Jabatan hakim agung adalah jabatan mulia yang dipersepsikan sebagai wakil Tuhan di muka bumi. Proses rekrutmen hakim agung seharusnya benar-benar dilakukan untuk mencari orang yang bersedia mengabdi dalam dunia yang cenderung terisolasi dari pergaulan masyarakat. Ketua Kamar Pengawasan Mahkamah Agung, Sunarto, mengatakan bahwa jabatan hakim agung itu adalah pengabdian, bukan untuk cari pekerjaan. “Motivasinya jangan cari pekerjaan,” kata Sunarto dalam diskusi sekaligus peluncuran buku itu.

 

Dengan menyadari bahwa hakim itu diciptakan bukan dilahirkan, maka tugas Mahkamah Agung dan Komisi Yudisial adalah mencari calon yang memenuhi syarat intelektualitas (hard competency), keahlian atau skill (experience), dan integritas (soft competency). Di beberapa negara, cerita Sunarto, hakim direkrut dari lulusan terbaik perguruan tinggi terbaik.
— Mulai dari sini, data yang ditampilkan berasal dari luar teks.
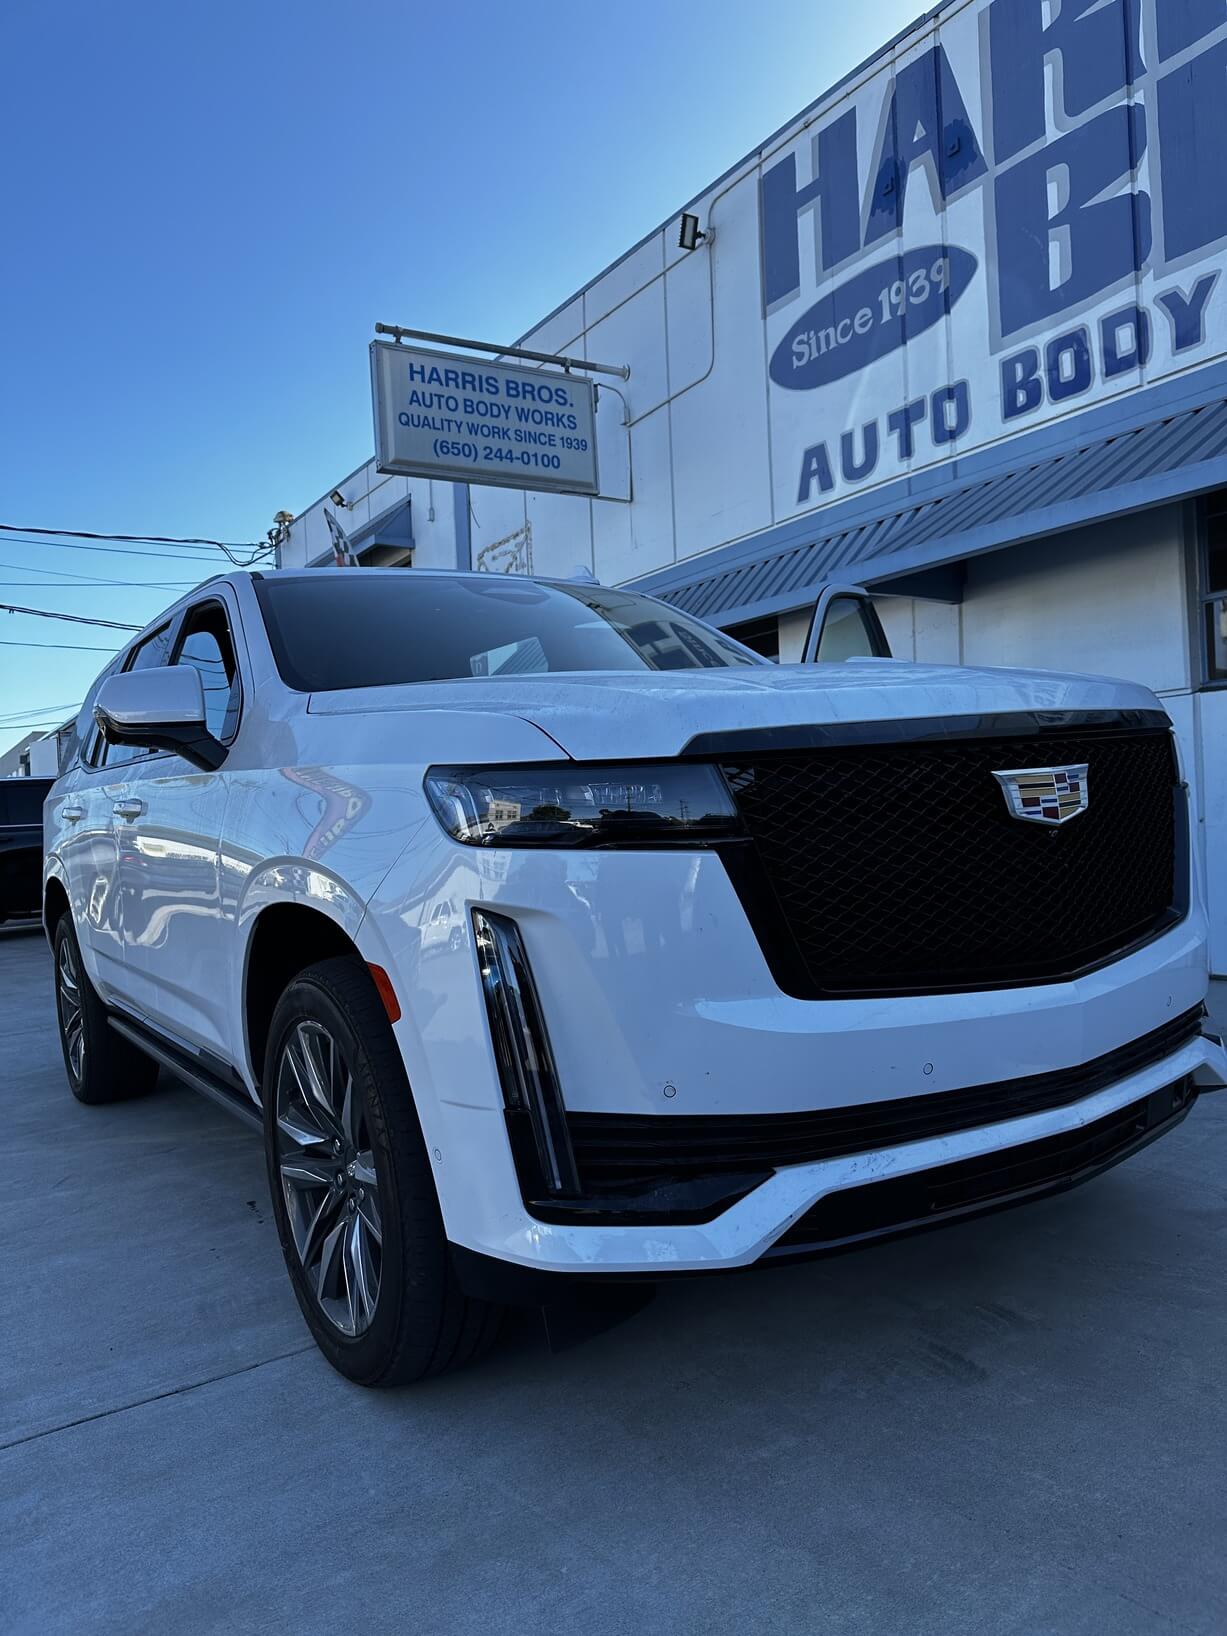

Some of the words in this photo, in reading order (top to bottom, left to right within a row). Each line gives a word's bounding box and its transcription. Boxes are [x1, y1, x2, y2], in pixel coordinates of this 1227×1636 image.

Jepang dan Arab Saudi, misalnya, menerapkan rekrutmen demikian.

 

Segi pengalaman calon penting dipertimbangkan karena berkaitan dengan ketajaman seseorang menganalisis dan memutuskan masalah setelah terpilih sebagai hakim agung. Misalnya bagaimana penugasannya di daerah, berapa perkara yang pernah ditangani, dan di daerah mana saja yang bersangkutan bertugas. Sunarto percaya, seorang hakim yang telah menangani perkara mulai dari yang sederhana di daerah sampai perkara yang sangat kompleks seperti di Jakarta akan mempertajam pisau analisis si hakim. Ketajaman pisau analisis hakim ‘diasah’ lewat kompleksitas perkara yang pernah ditanganinya. “(Pengalaman menangani perkara) Itu bisa menjadi pisau analisis hakim,” tegas Sunarto.

 

Ketua Bidang Rekrutmen Hakim Komisi Yudisial, Maradaman Harahap, mengatakan proses rekrutmen hakim agung di Komisi Yudisial dilakukan secara profesional, dengan melibatkan mantan hakim agung dan negarawan. Bahkan karya tulis calon hakim agung dinilai oleh sebuah tim yang kompeten di luar Komisi Yudisial. Komisi Yudisial, kata dia, menjalankan rekrutmen sesuai persyaratan dan prosedur yang ditentukan dalam Undang-Undang.

 

Persoalannya tidak tunggal. Adakalanya sumber daya manusia yang mendaftar terbatas. Dalam kondisi demikian, Komisi Yudisial tak mungkin meloloskan calon hanya sekadar memenuhi target. Misalnya, Komisi Yudisial pernah diminta merekrut 8 hakim agung. Komisi hanya meloloskan 5 kandidat. Ternyata di Komisi Hukum DPR, hanya tiga dari 5 kandidat itu yang disetujui.